About 30 people arrested during a gay-parade in Moscow
Russian LGBT activists tried to conduct an unsanctioned gay-parade in central Moscow on Saturday. Source: RIA Novosti / Alexey Filoppov
With dozens people detained during at a gay rights parade in the central Moscow, Russian human rights activists expresses their concerns about human rights record in Russia.
Gay rights activists came to blows with homophobes in Moscow's so-called "Hyde Park" protest site on Saturday, with about 15 people being detained by police, a spokesman for the city police authority said.
All the detainees were taken to police stations, the spokesman told Interfax.
The "Hyde Park" protets sites are an area near Moscow's Gorky Park.
 The detainees included the leader of Russia's LGBT movement, Nikolai Alexeyev. Alexeyev came out onto Tverskaya Square, opposite the mayor's office, but was led away by police as soon as he started talking to reporters.

There were other arrests on Saturday during an abortive gay rights parade in the central Moscow that had not been permitted by the city administration.
"About 30 followers and opponents of the lesbian-gay-bisexual-transgender [LGBT] movement have been detained in the city center for various violations of public order, including an attempt to hold an unsanctioned event," a spokesman for the city police authority told Interfax.

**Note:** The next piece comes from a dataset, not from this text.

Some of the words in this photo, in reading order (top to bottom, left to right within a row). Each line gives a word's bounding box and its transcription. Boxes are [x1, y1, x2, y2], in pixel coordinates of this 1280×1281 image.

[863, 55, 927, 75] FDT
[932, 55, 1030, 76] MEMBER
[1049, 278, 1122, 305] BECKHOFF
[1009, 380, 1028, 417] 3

Meanwhile, a veteran Russian human rights defender condemned the dispersal by police of a gay rights parade in  the center of Moscow on Saturday.
"We are plunging into something like the Middle Ages," Lyudmila Alexeyeva, head of Russia's oldest human rights organization, the Moscow Helsinki Group, told Interfax.
"In Ukraine, which had been part of the same state as us until quite recently and its road to democracy hasn't been longer than ours, there has also been a gay parade," she said. 
"But there the police defended the parade participants against those who were angry with it so that nobody should prevent the right to processions, rallies and demonstrations from being exercised," Alexeyeva added. "Thereby Ukraine has shown itself to be, if not a democratic country, then a country that is seeking democracy."
The Moscow parade had not been permitted by the city administration.